## [Information given]
*** Begin section ***

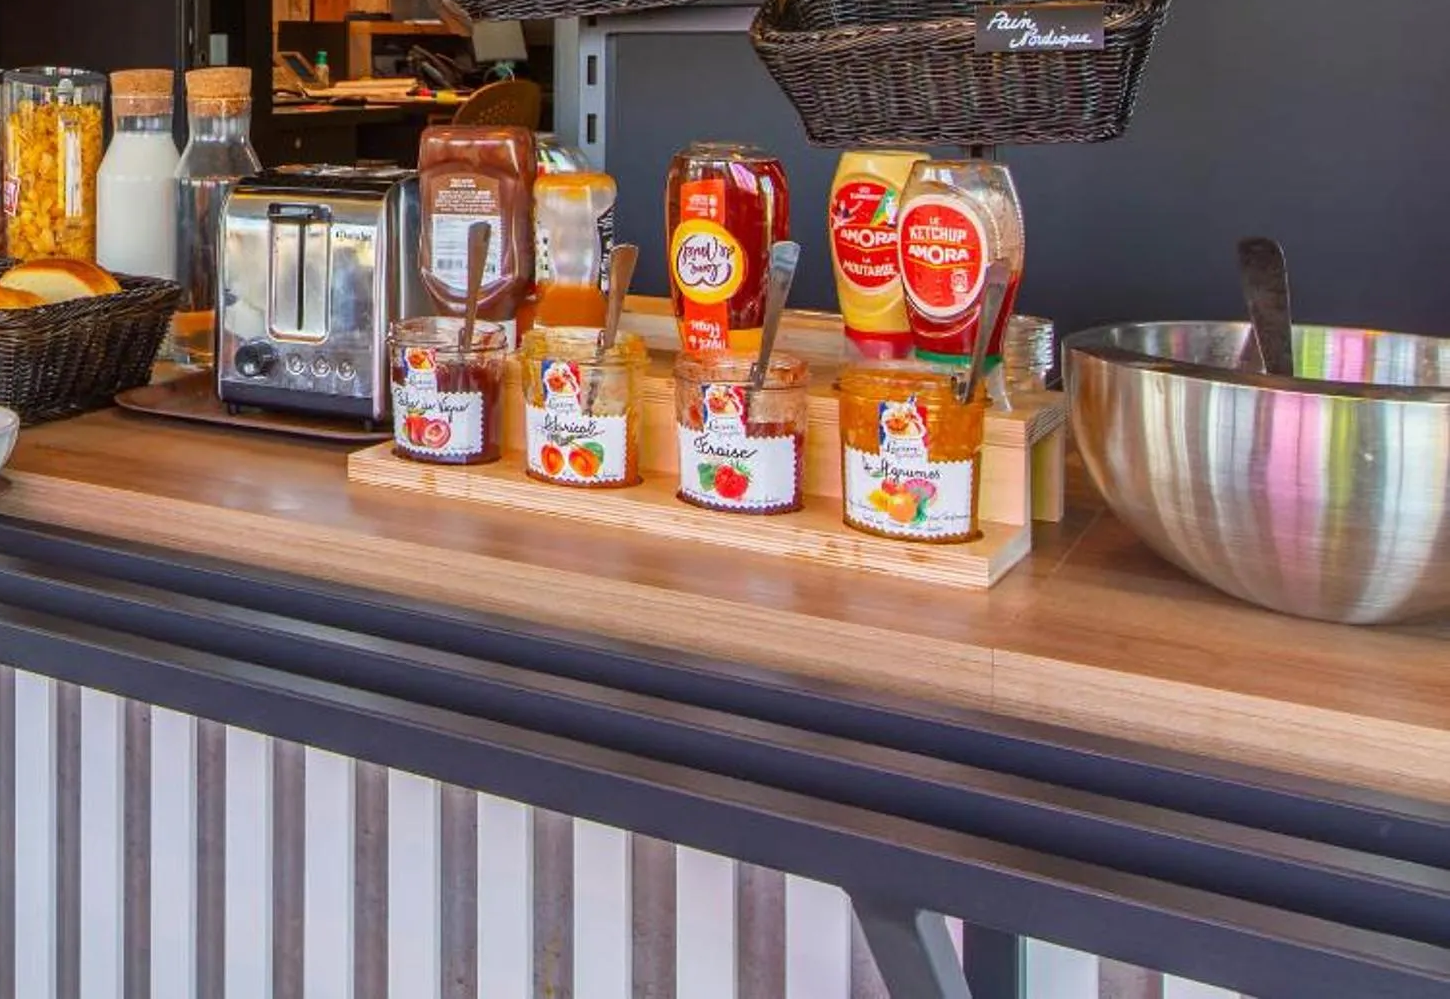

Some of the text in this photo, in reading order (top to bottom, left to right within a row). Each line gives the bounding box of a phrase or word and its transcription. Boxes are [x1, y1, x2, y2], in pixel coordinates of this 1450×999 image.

[986, 11, 1037, 30] Pain
[1009, 25, 1094, 48] Nordique
[840, 229, 898, 248] AMORA
[910, 225, 967, 243] KETCHUP
[908, 244, 970, 265] AMORA
[694, 432, 758, 459] Fraise

*** End section ***

Without any pictures, output the entries above exactly as they appear.

## [Exercise response]
Some of the text in this photo, in reading order (top to bottom, left to right within a row). Each line gives the bounding box of a phrase or word and its transcription. Boxes are [x1, y1, x2, y2], in pixel coordinates of this 1450×999 image.

[986, 11, 1037, 30] Pain
[1009, 25, 1094, 48] Nordique
[840, 229, 898, 248] AMORA
[910, 225, 967, 243] KETCHUP
[908, 244, 970, 265] AMORA
[694, 432, 758, 459] Fraise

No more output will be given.